According to a report released by WHO on Feb. 3, the tsunami destroyed homes for more than 600,000 people in almost 900 fishing villages in South India.

Moylan said the goal to raise $25,000 was accomplished as 1,000 tickets had been sold before the event. Adults paid $25 per ticket, and tickets were for $15 each for young children.

Alan Sadhwani, president of K. Sadhwani's Inc. and one of the event's organizers, said funds raised will be spent to help rebuild houses, businesses and infrastructure of villages that were affected by the disaster.

"Now, there are a lot of things they need to settle down in their lives because they lost houses, clothes, boats and nets -- they lost everything. In some villages, I heard they lost the whole water system ...," Sadhwani said. "So, they have to put a lot of infrastructure and houses to build their lives again."

The Indian Temple of Guam has sent $11,000 worth of food, medicine and other necessities, in cooperation with the Rotary Club of Pune in India, and is attempting to raise as much money as possible for tsunami relief.
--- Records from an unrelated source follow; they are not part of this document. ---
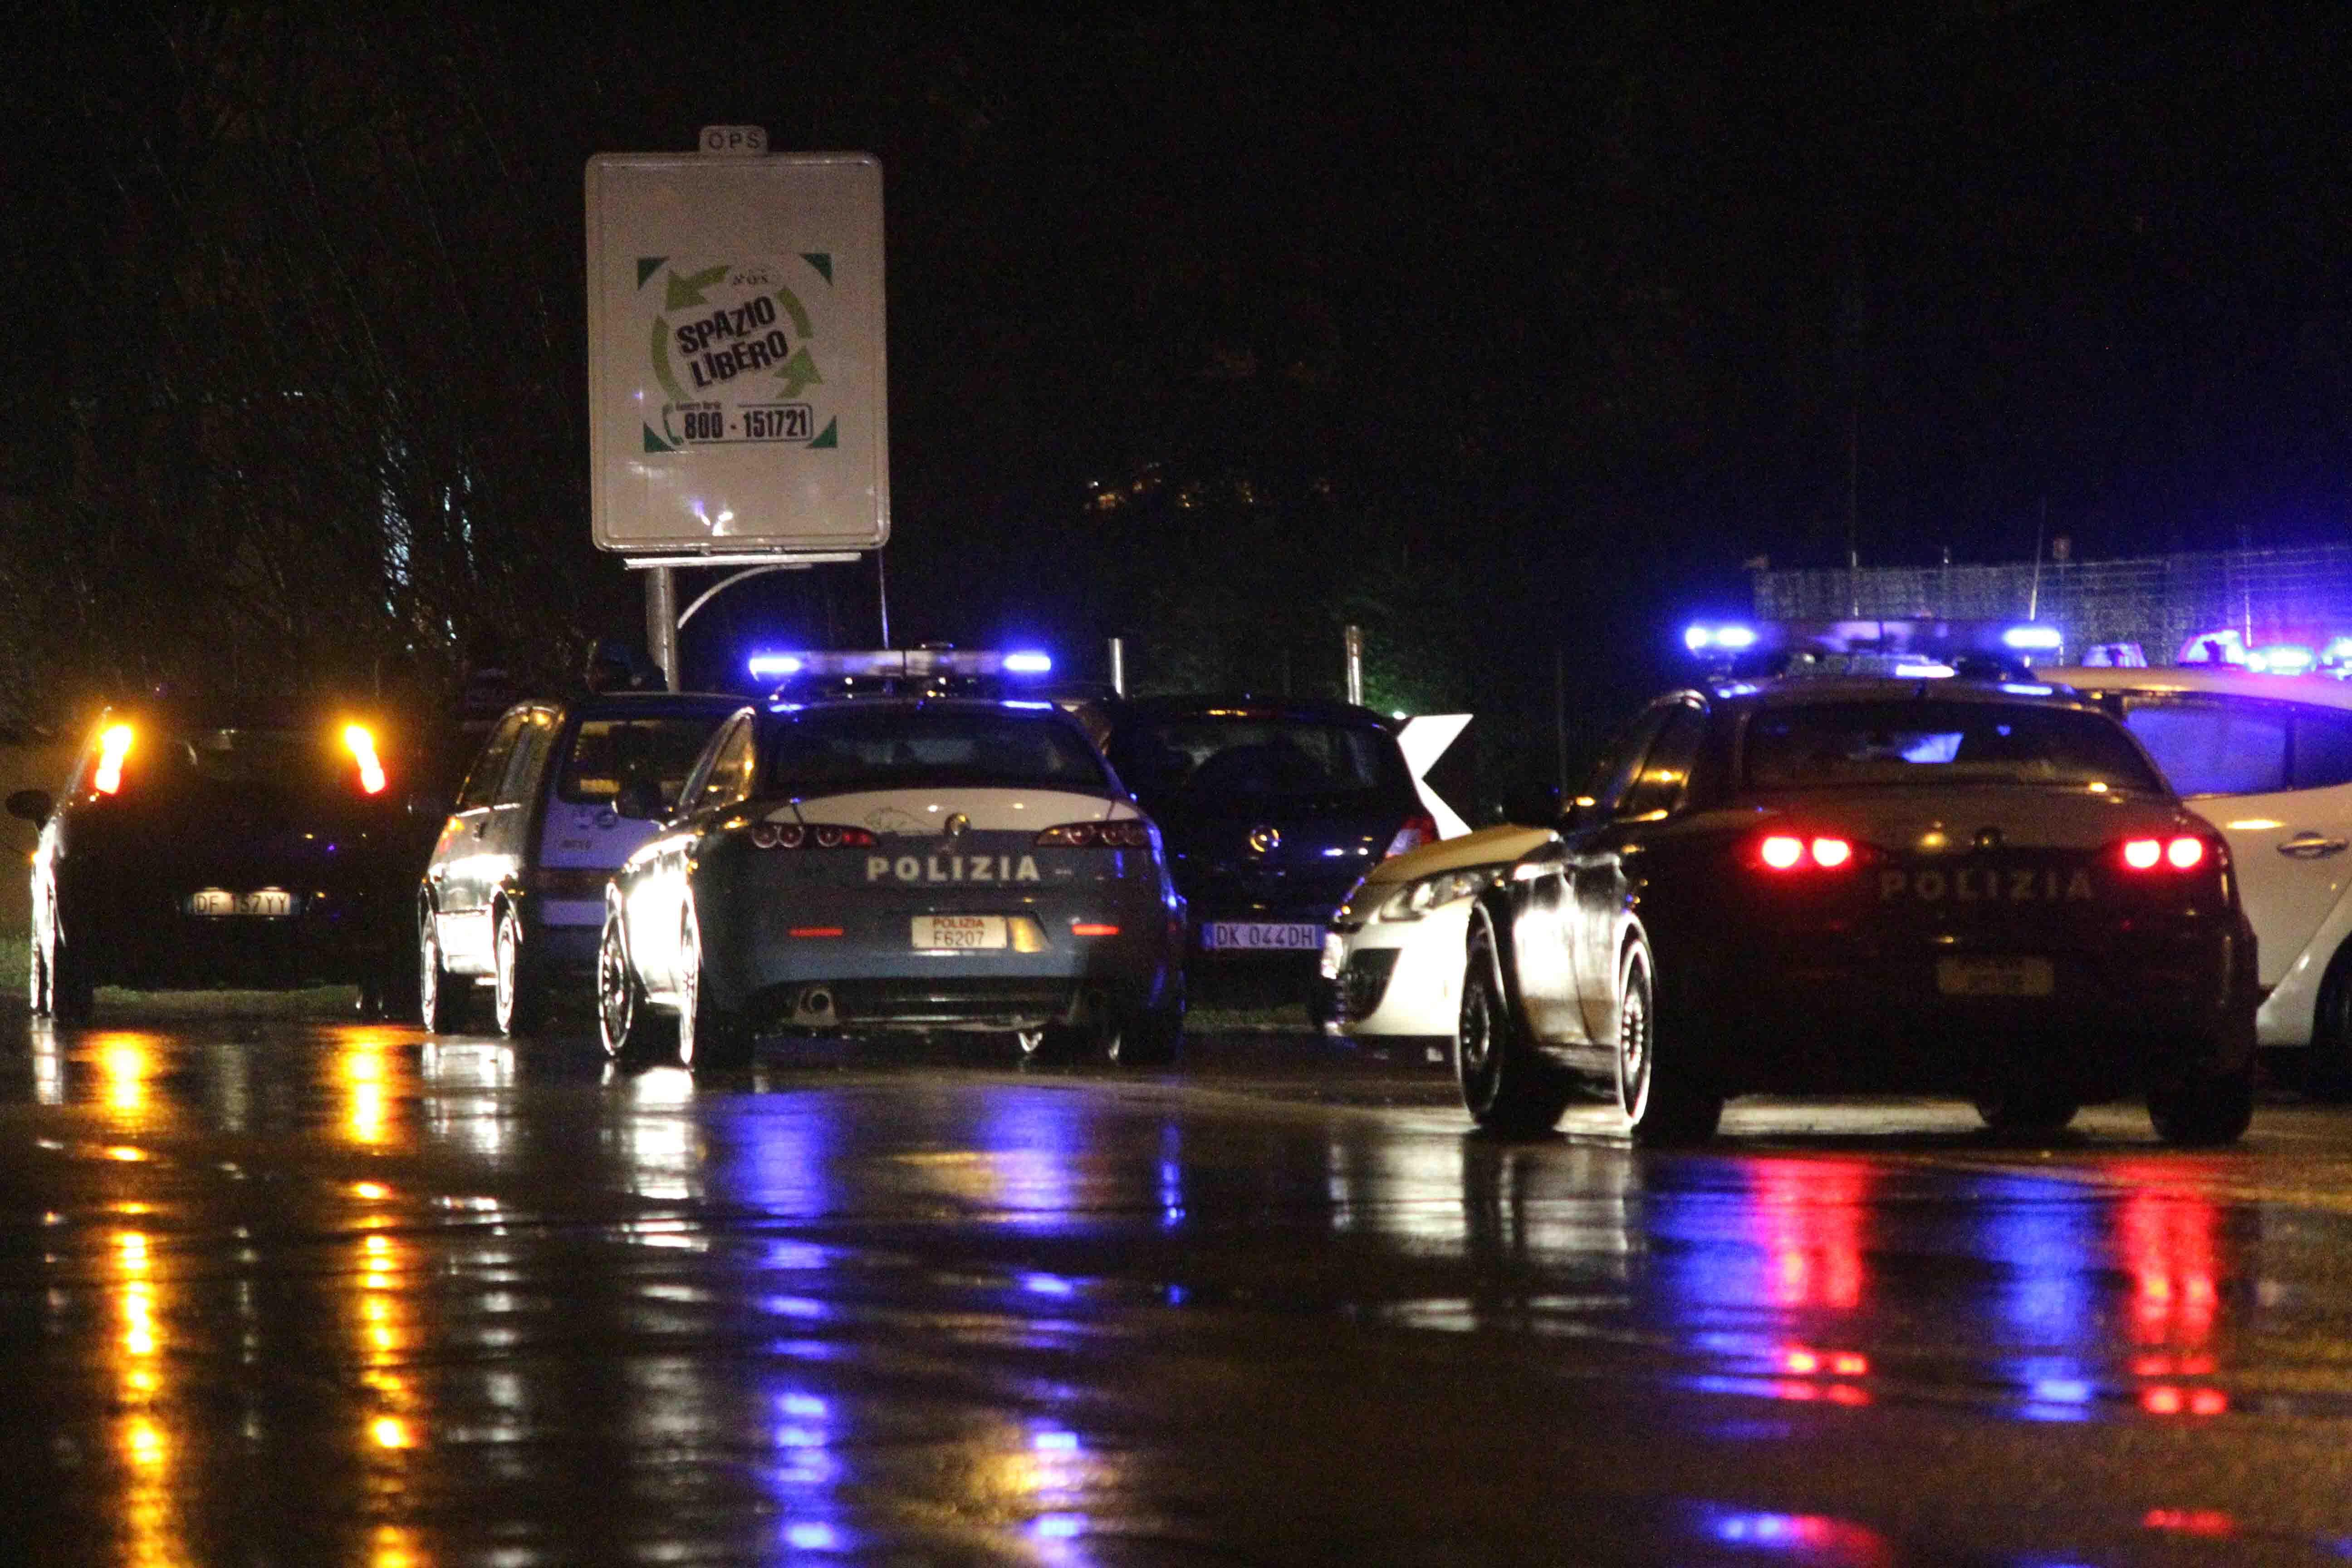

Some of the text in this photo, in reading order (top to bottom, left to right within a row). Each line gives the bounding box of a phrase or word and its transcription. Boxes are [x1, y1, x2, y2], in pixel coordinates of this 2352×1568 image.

[709, 132, 760, 149] OPS
[676, 296, 775, 353] SPAZIO
[690, 330, 789, 387] LIBERO
[685, 412, 723, 439] 800
[743, 409, 807, 437] 151721
[867, 856, 1041, 882] POLIZIA
[1879, 870, 2094, 901] POLIZIA
[932, 918, 985, 928] POLIZIA
[1216, 926, 1313, 946] DK 044DH
[933, 931, 984, 946] F6207
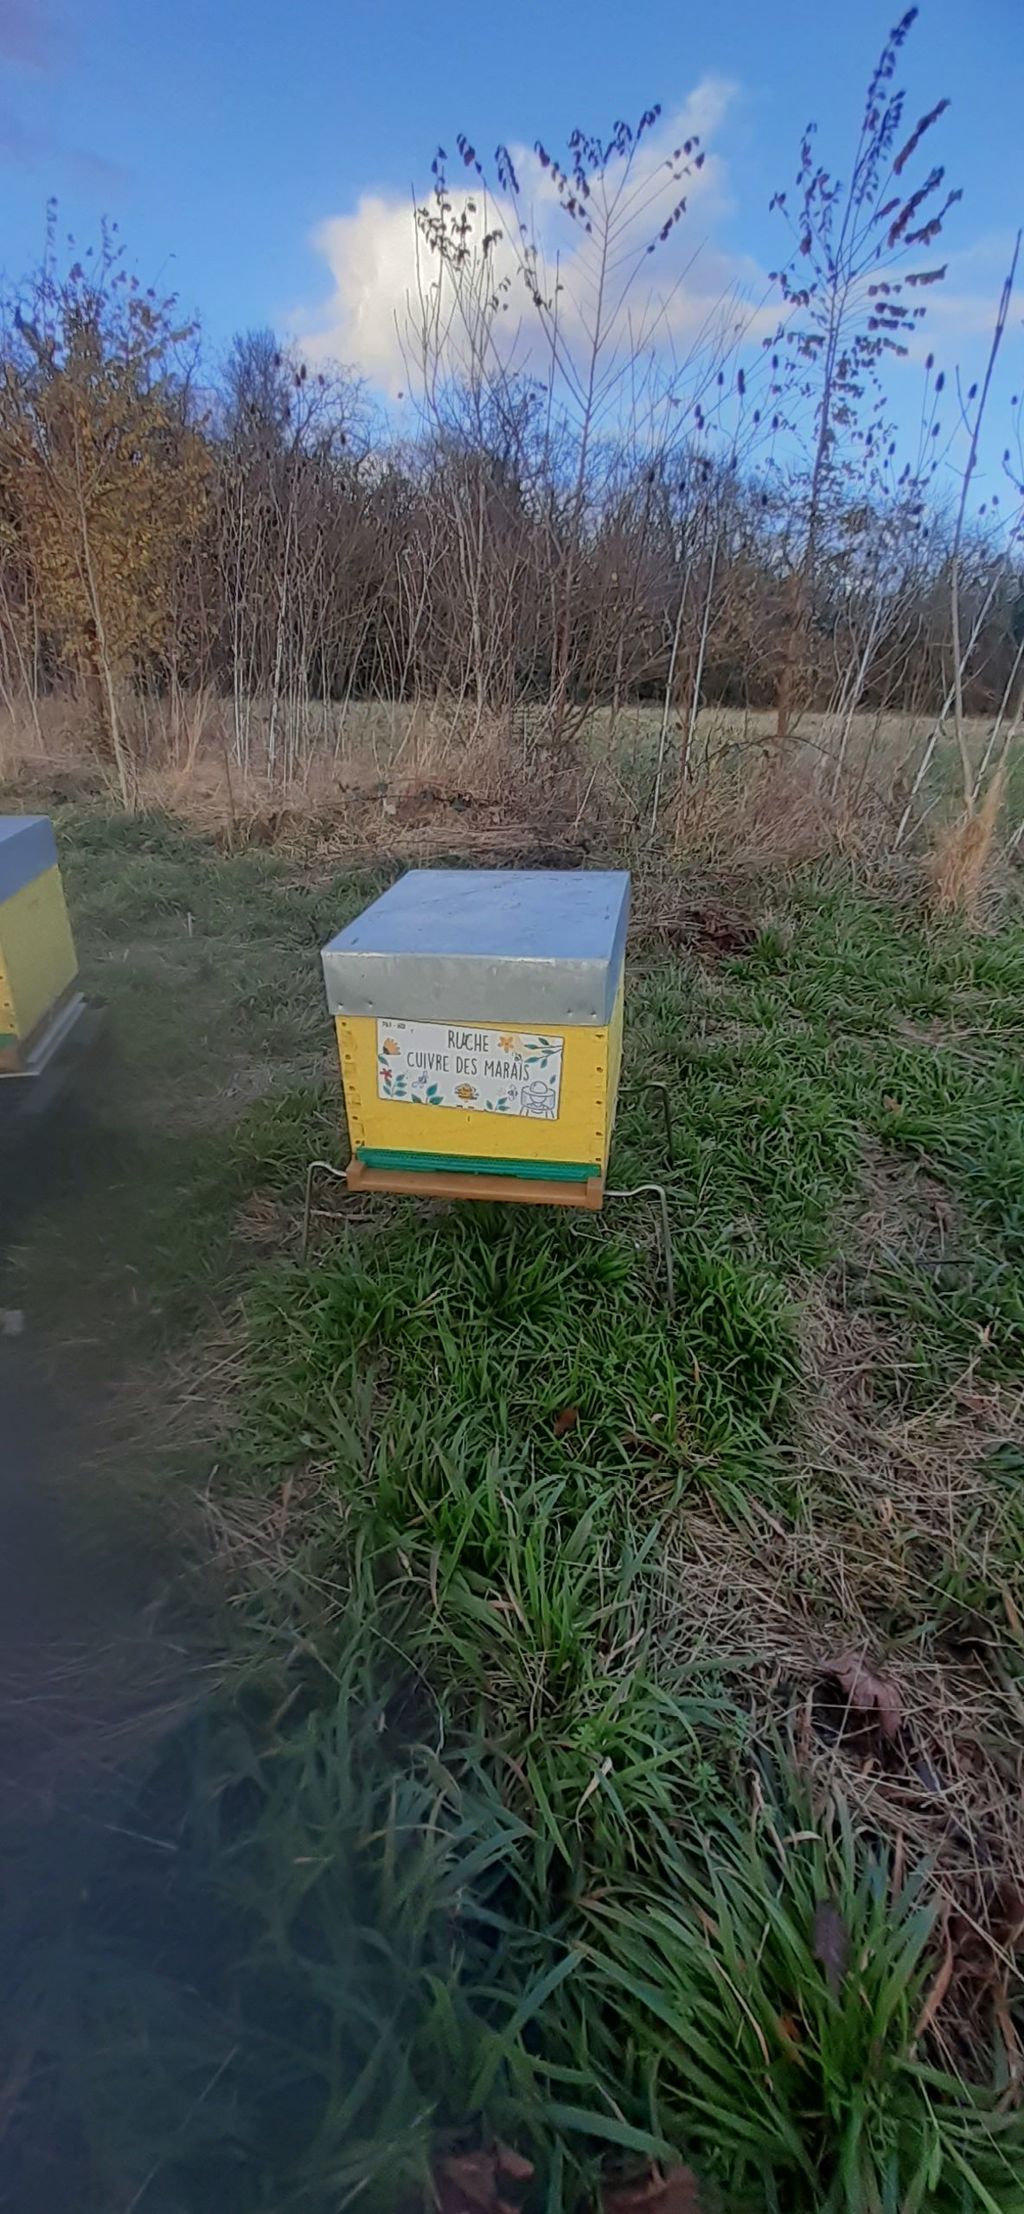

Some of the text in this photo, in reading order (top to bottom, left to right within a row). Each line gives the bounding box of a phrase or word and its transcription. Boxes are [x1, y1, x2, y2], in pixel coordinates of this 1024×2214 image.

[448, 1029, 489, 1052] RUCHE
[407, 1051, 530, 1082] CUIVRE DES MARAIS
"They need plenty of help. The huge help they need is not enough for the money raised on Guam, but, we do our share," Sadhwani said.

Couple Theseus and Bistra Mendiola, 26, and 28, respectively, attended the event. Bistra Mendiola has been into Indian dancing even before preschool.

"Definitely, it's a very good cause," Bistra Mendiola said. "I've been watching very closely CNN broadcasting the whole event. I feel good that they organized something like this."

Moylan said the Indian Temple of Guam and his office will organize the 5K run as the next fund-raising event for tsunami relief efforts, which is scheduled to be held on Feb. 26.